O palco de Cães Negros é a série de eventos políticos que ainda ressoavam no mundo na época: a queda do Muro de Berlim, o fim do comunismo e da URSS e como tudo isso impactou não só as pessoas que militavam e atuavam nesse entorno, mas toda uma geração. Não são apenas personagens manipulados pela mente inventiva de McEwan. Ele expande seu olhar para todo um grupo de pessoas que vai receber os impactos desses eventos de forma direta, indireta ou muito tempo depois.

A história, falada de forma muito simples, foca em um casamento entre dois membros do partido comunista inglês que não deu certo.

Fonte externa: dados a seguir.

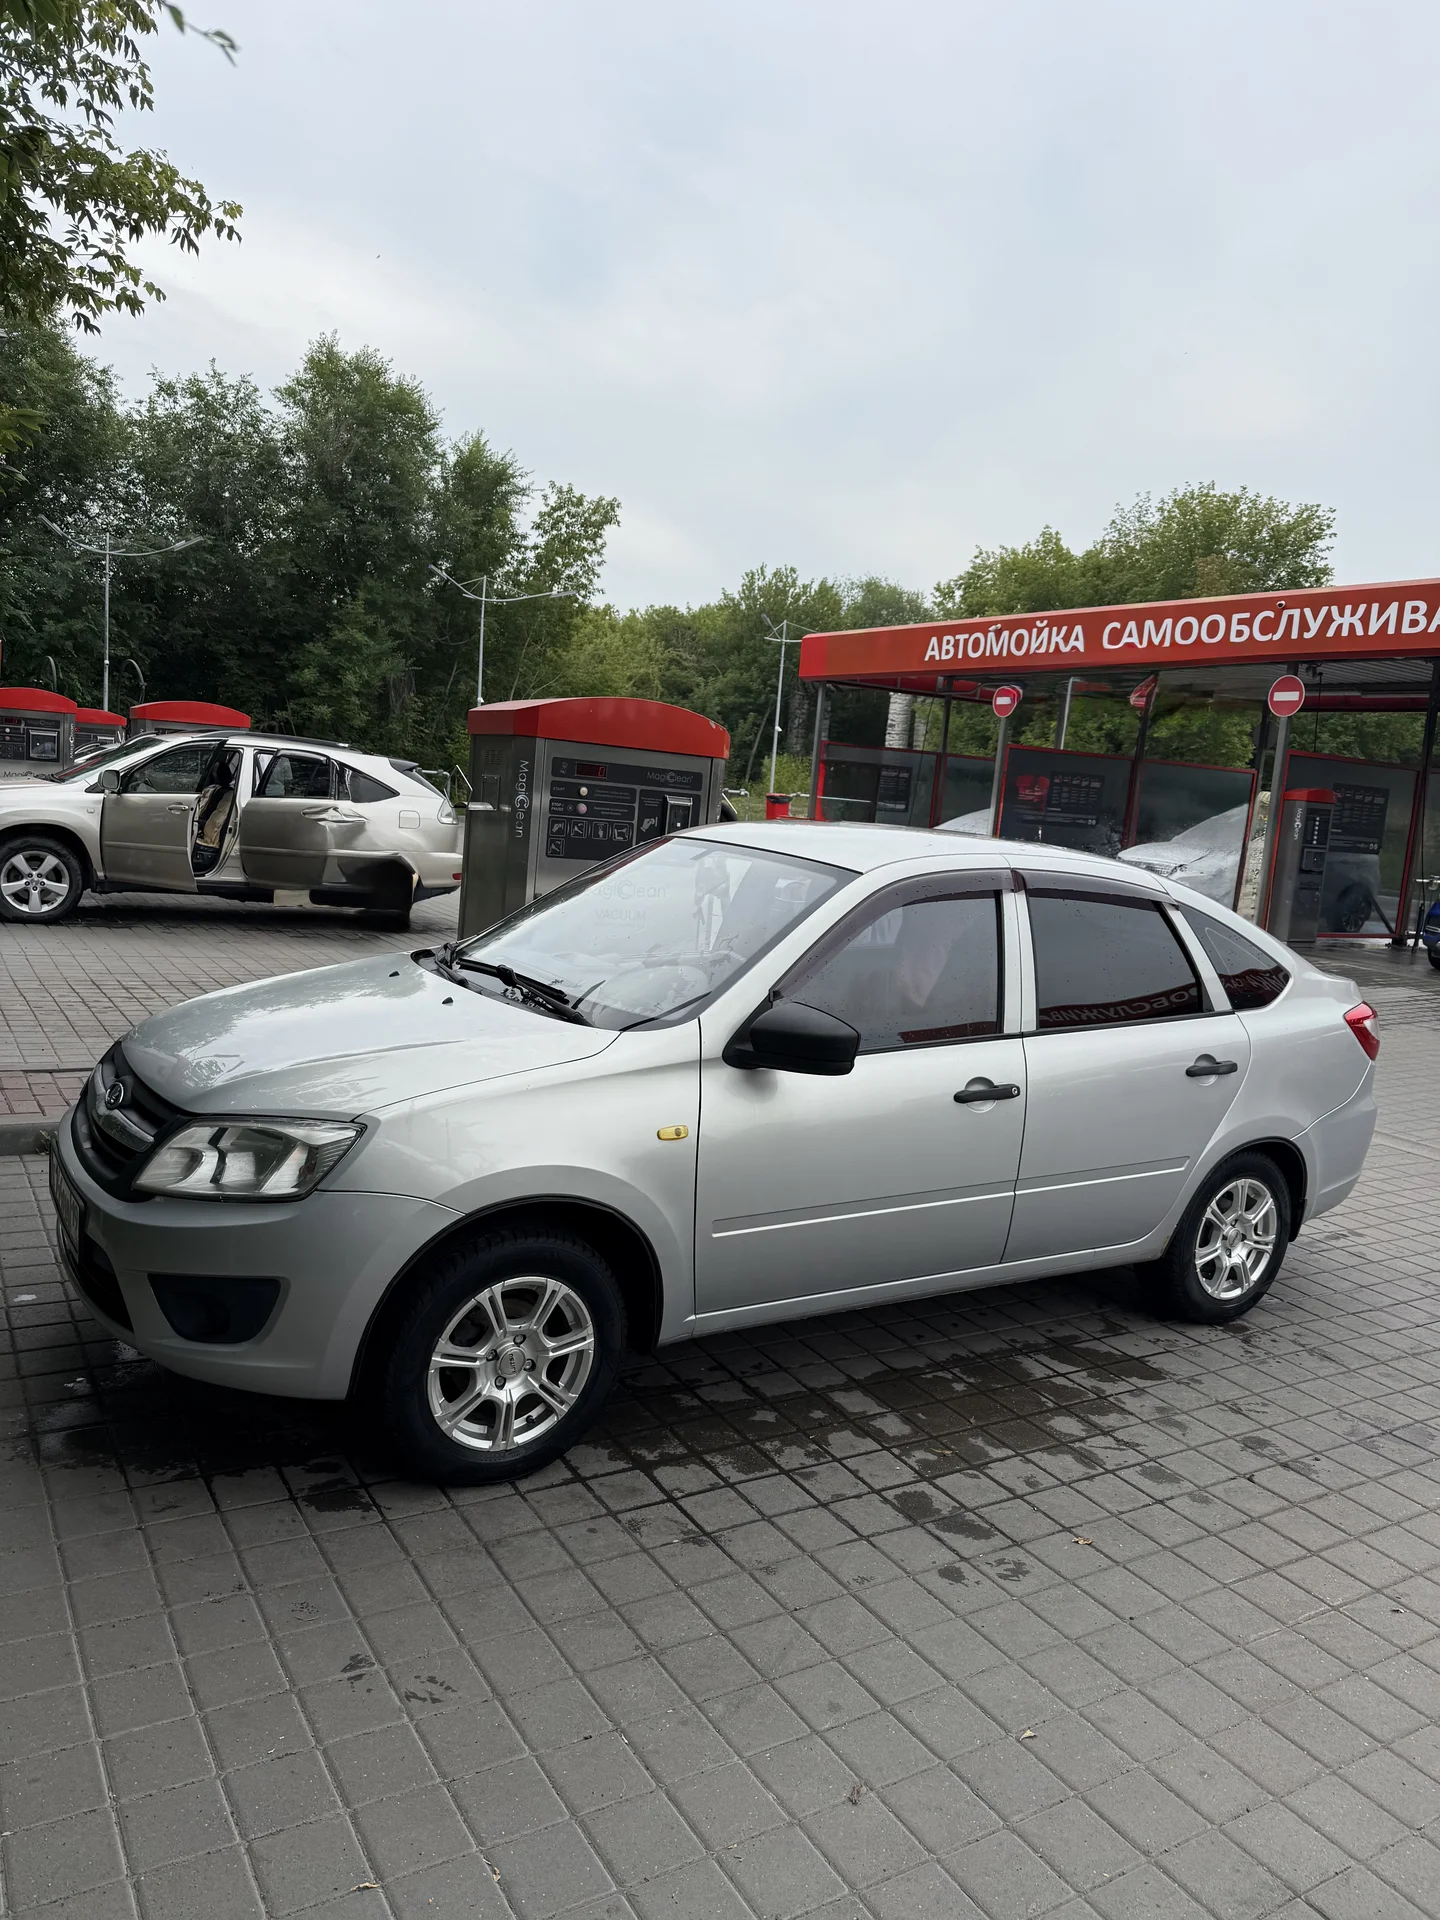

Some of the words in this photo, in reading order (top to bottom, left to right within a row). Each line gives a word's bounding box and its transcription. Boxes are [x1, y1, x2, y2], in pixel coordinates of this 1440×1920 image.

[924, 619, 1085, 661] АВТОМОЙКА
[514, 760, 530, 838] MagiClean
[595, 909, 647, 922] VACUUM

June e Bernard se apaixonaram perdidamente, viviam uma história de amor perfeita, mas durante a lua-de-mel algo acontecido na França mudou tudo. June passou a ver o mundo com outros olhos após um misterioso encontro com dois cães negros em uma trilha. Esse vai ser o grande mistério a rondar toda a narrativa. Eles seguiram em frente, mas já não era o mesmo casal e anos depois a separação veio em definitivo. Mas o que pode ter acontecido para que um amor desses acabasse tão rapidamente?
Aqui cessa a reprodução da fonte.